Arnold G. Tew, Jr. circa 1945 in Navy Reserve uniform as LTJG. |
As I have mentioned elsewhere on The Prism, my father was a 1944 graduate of Kings Point, the United States Merchant Marine Academy (USMMA) in Great Neck, New York. The site of the Academy is the former 12-acre estate of Walter Chrysler named "Forker House."
Kings Point was dedicated on September 30, 1943 by FDR, who stated, "the Academy serves the Merchant Marine as West Point serves the Army and Annapolis the Navy." From 1942 - 1945, Kings Point graduated 6,895 officers. During World War II, 1 in 26 merchant mariners were killed while implementing the greatest sealift in history. This made the percentage of war-related deaths for merchant mariners higher than the percentage in all the other U.S. services -- but the mariner death rate was kept secret during the war so that the enemy would not know what success they were having in targeting supply ships AND so that the nation could continue to attract mariners into service.

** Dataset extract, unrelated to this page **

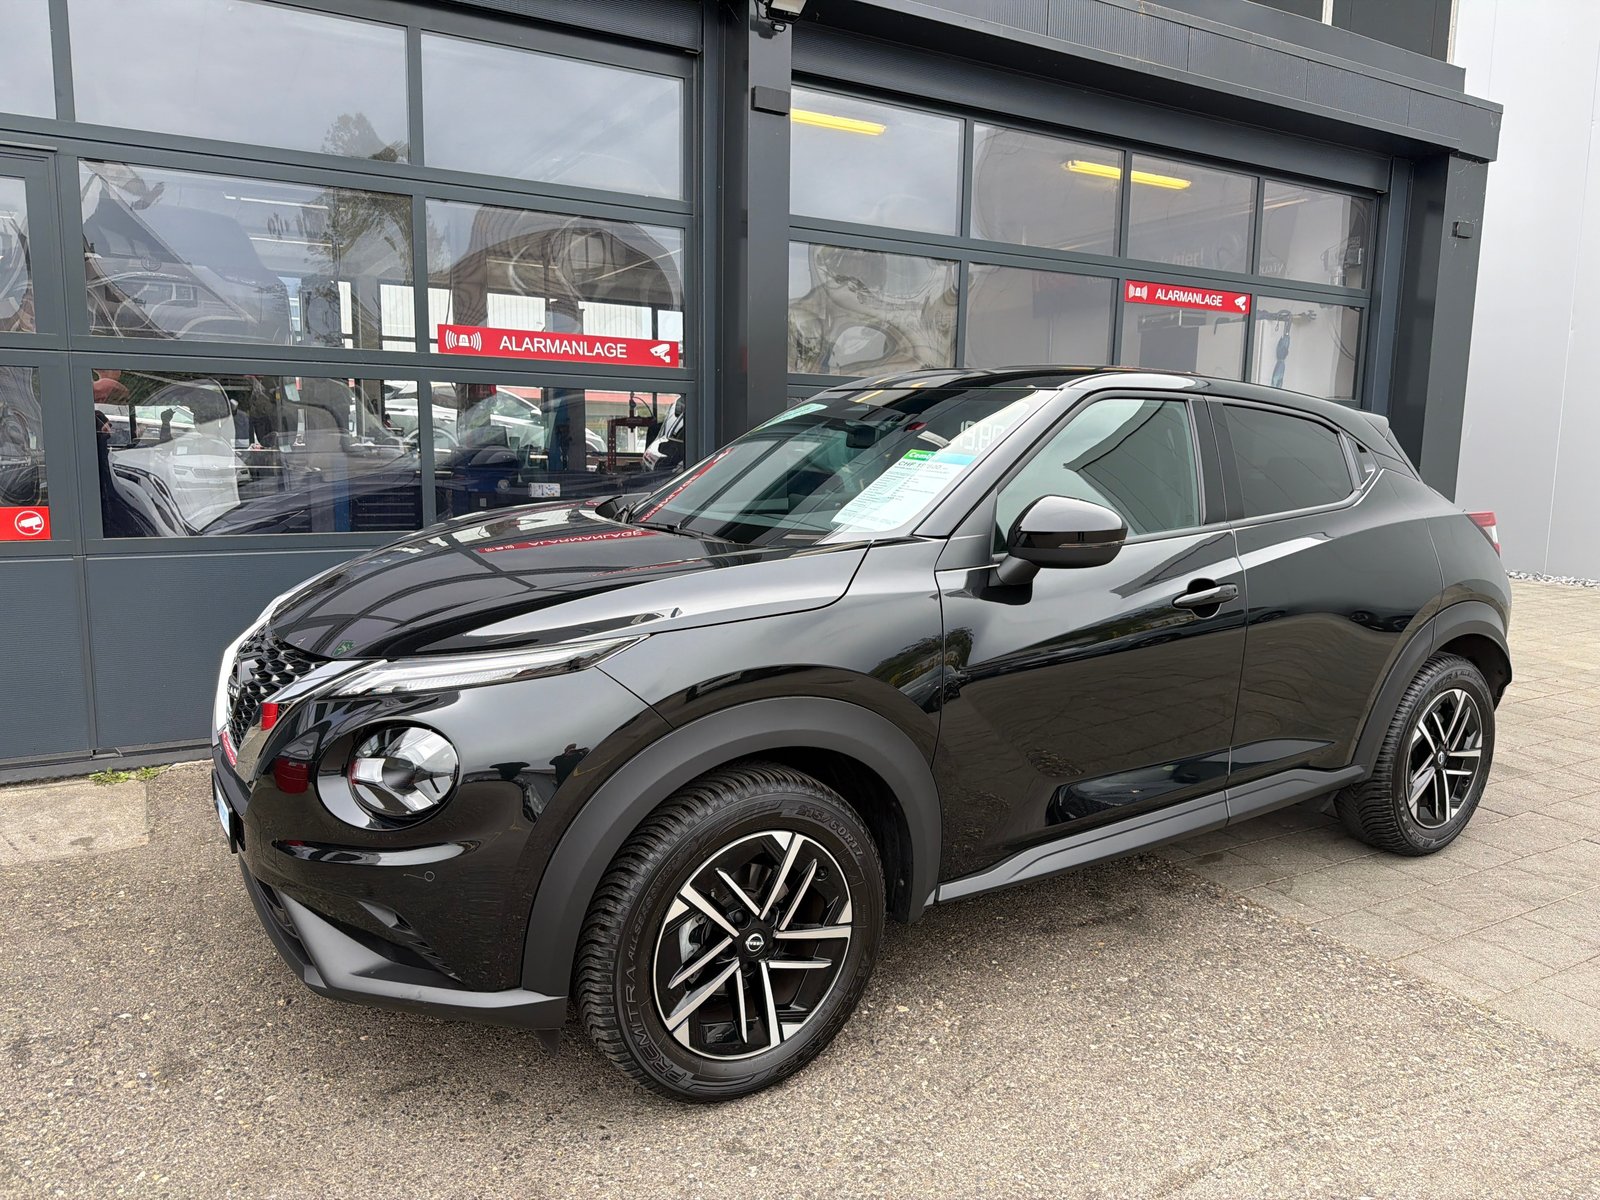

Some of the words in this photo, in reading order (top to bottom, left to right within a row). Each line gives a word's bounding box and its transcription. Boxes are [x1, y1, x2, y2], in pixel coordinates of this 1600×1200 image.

Merchant Marine midshipmen have served in every major conflict in which the U.S. has been involved since WWII and as a result the Kings Point regiment is entitled and privileged to display a regimental battle standard; the USMMA is the only Federal Service Academy granted the right to do so.
This past weekend while visiting my parents, I obtained some wartime photographs I had never seen before -- including the one of my father shown above in his uniform. Among the other photos was the following snap shot of a World War II Honor Roll memorial erected in Scituate, Rhode Island.
The Scituate Honor Roll for World War II shown immediately above has a somewhat temporary look dominated as it is by white picket fencing. I do not know the date of the photograph or the precise location in Scituate where it was (and perhaps still is?) located, so I would welcome further information from anyone who might know more about the picket fenced Honor Roll.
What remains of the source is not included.